> WORK INSTRUCTIONS: Could you output each line below exactly as it appears, excluding any pictures?

———

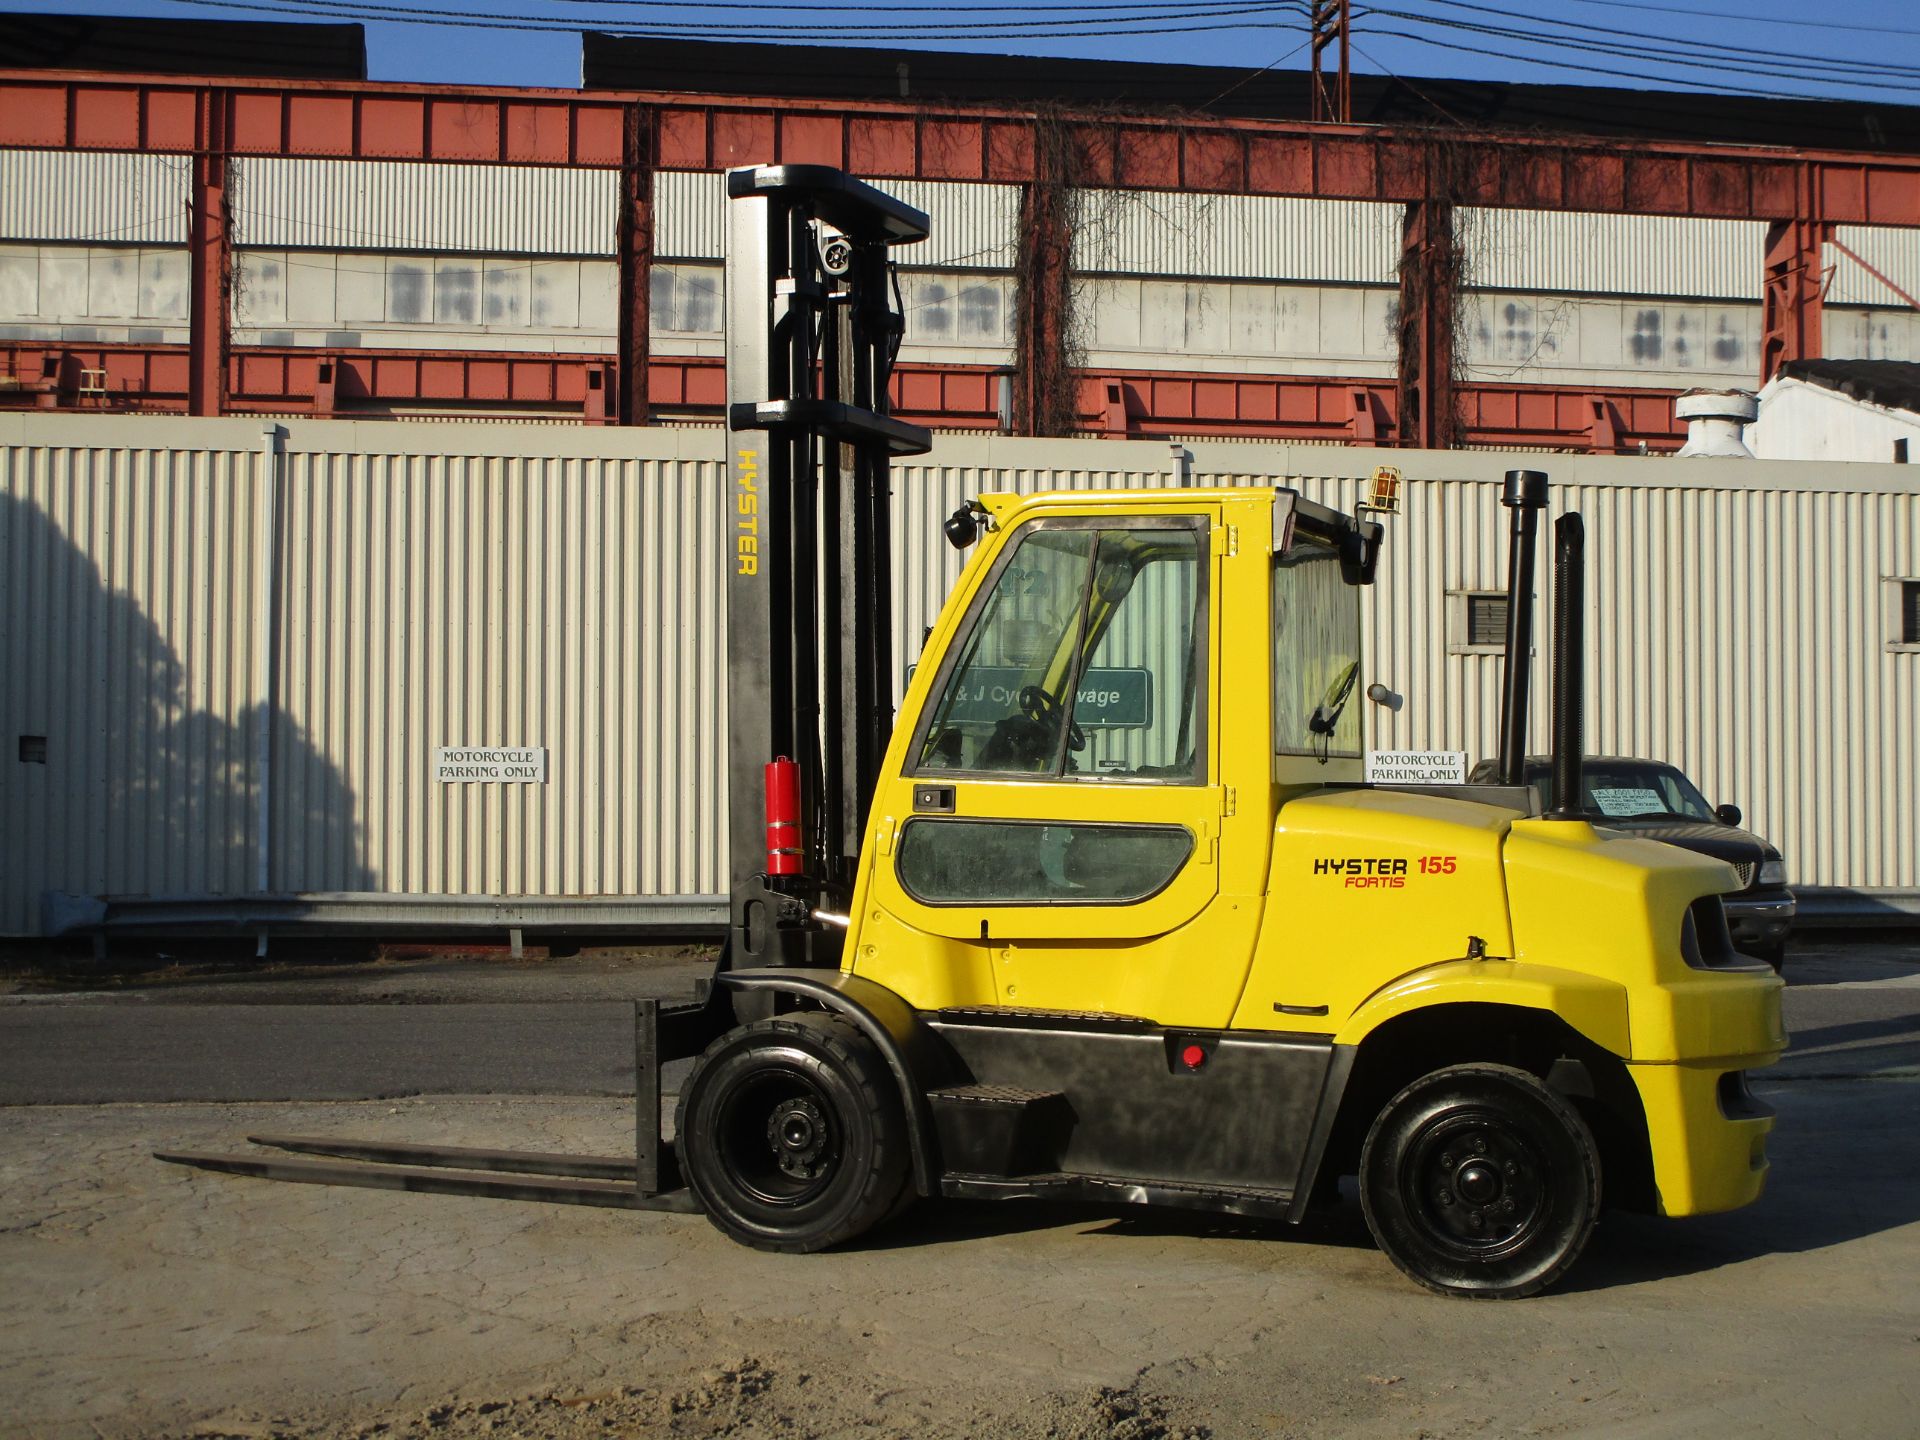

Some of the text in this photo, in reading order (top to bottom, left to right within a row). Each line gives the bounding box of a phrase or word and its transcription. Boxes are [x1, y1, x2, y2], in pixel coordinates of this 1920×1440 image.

[738, 450, 758, 575] HYSTER
[974, 685, 985, 701] J
[1077, 689, 1120, 708] vage
[444, 751, 534, 763] MOTORCYCLE
[1375, 755, 1456, 766] MOTORCYCLE
[439, 766, 538, 778] PARKING ONLY
[1371, 769, 1460, 780] PARKING ONLY
[1313, 856, 1457, 875] HYSTER 155
[1344, 876, 1405, 888] FORTIS
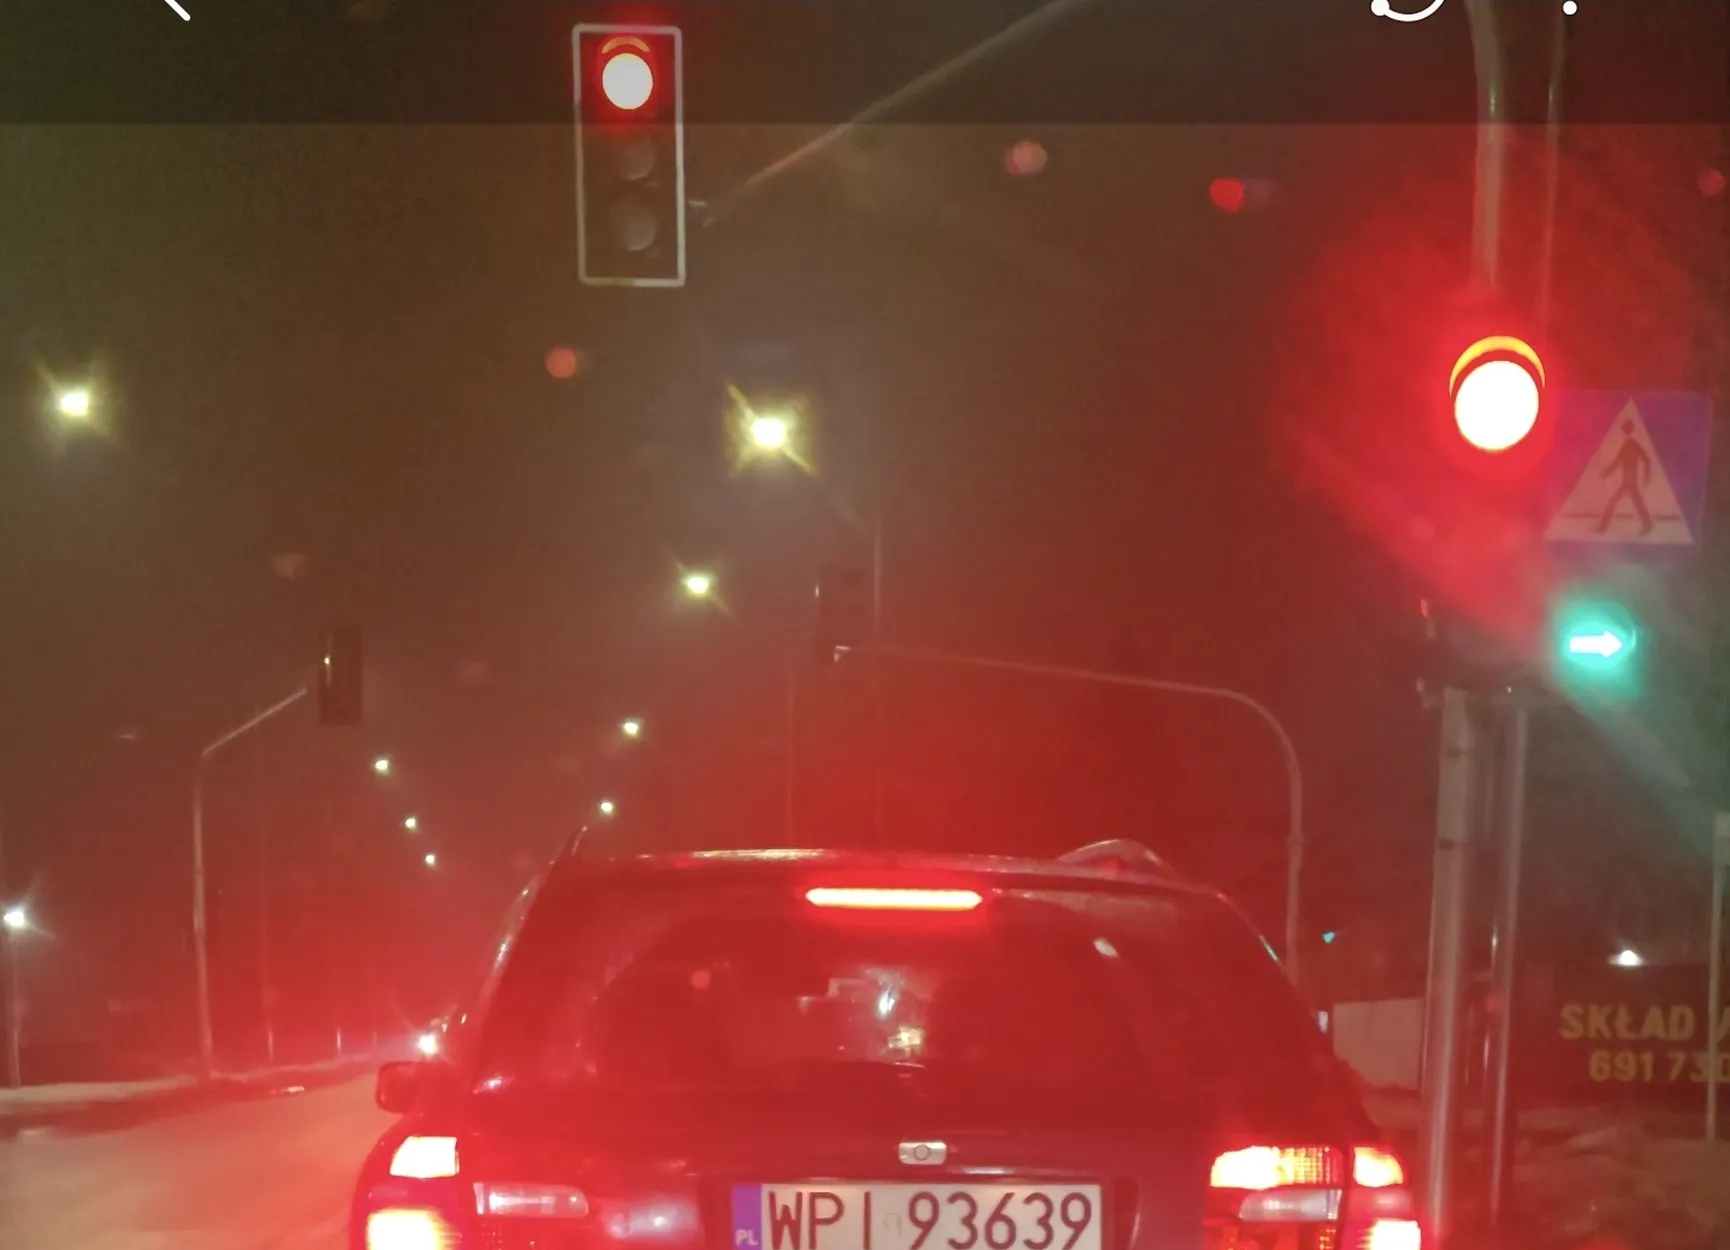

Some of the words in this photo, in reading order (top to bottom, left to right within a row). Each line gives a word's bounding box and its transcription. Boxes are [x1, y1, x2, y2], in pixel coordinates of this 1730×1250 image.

———

> SOLUTION TO THE EXERCISE:
Some of the text in this photo, in reading order (top to bottom, left to right within a row). Each line gives the bounding box of a phrase or word and its transcription. Boxes are [x1, y1, x2, y2], in pixel coordinates of this 1920×1440 image.

[738, 450, 758, 575] HYSTER
[974, 685, 985, 701] J
[1077, 689, 1120, 708] vage
[444, 751, 534, 763] MOTORCYCLE
[1375, 755, 1456, 766] MOTORCYCLE
[439, 766, 538, 778] PARKING ONLY
[1371, 769, 1460, 780] PARKING ONLY
[1313, 856, 1457, 875] HYSTER 155
[1344, 876, 1405, 888] FORTIS

Some of the words in this photo, in reading order (top to bottom, left to right within a row). Each line gives a word's bounding box and its transcription. Boxes are [x1, y1, x2, y2], in pixel coordinates of this 1730×1250 image.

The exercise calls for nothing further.